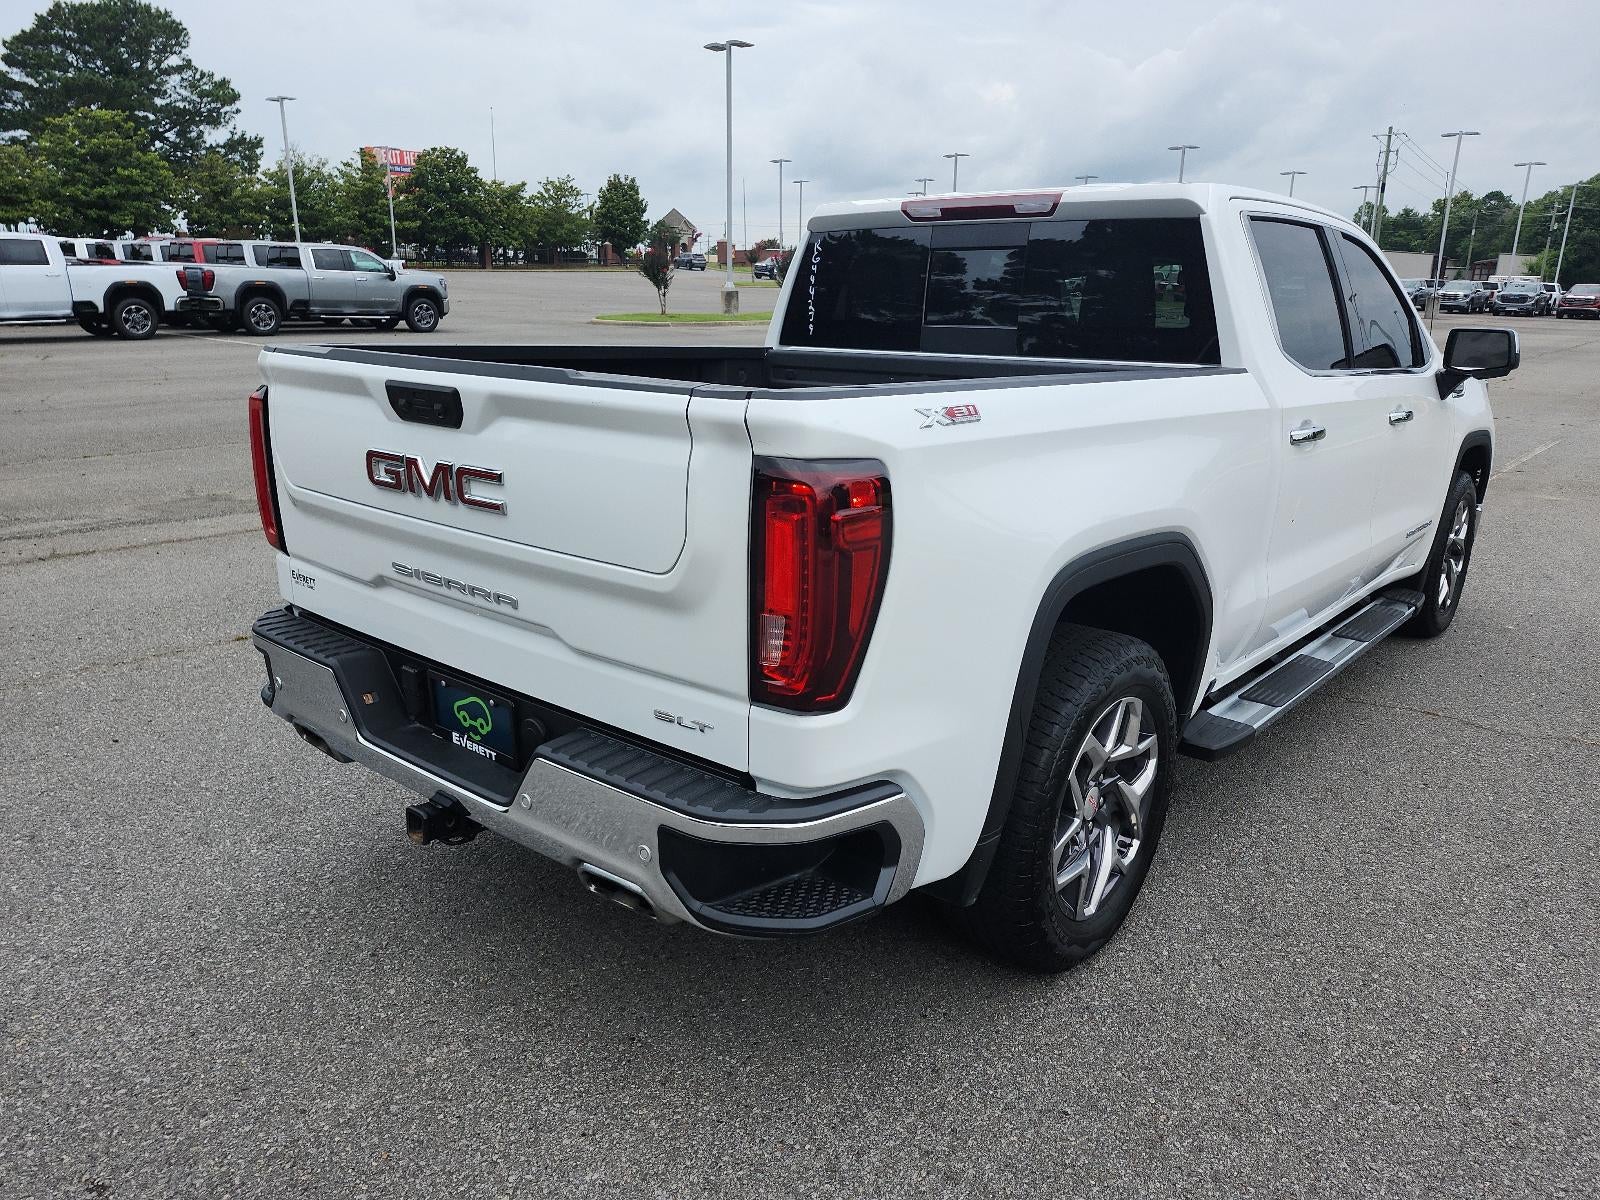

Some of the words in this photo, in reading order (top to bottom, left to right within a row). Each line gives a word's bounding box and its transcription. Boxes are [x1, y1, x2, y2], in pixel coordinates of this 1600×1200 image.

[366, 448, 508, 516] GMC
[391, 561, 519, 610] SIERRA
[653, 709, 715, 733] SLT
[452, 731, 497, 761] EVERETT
----
- **Exercise directions**:
The listing above is to be retyped exactly, with all pictures left out.

- **Solution to this exercise**:
Some of the words in this photo, in reading order (top to bottom, left to right within a row). Each line gives a word's bounding box and its transcription. Boxes are [x1, y1, x2, y2], in pixel coordinates of this 1600×1200 image.

[366, 448, 508, 516] GMC
[391, 561, 519, 610] SIERRA
[653, 709, 715, 733] SLT
[452, 731, 497, 761] EVERETT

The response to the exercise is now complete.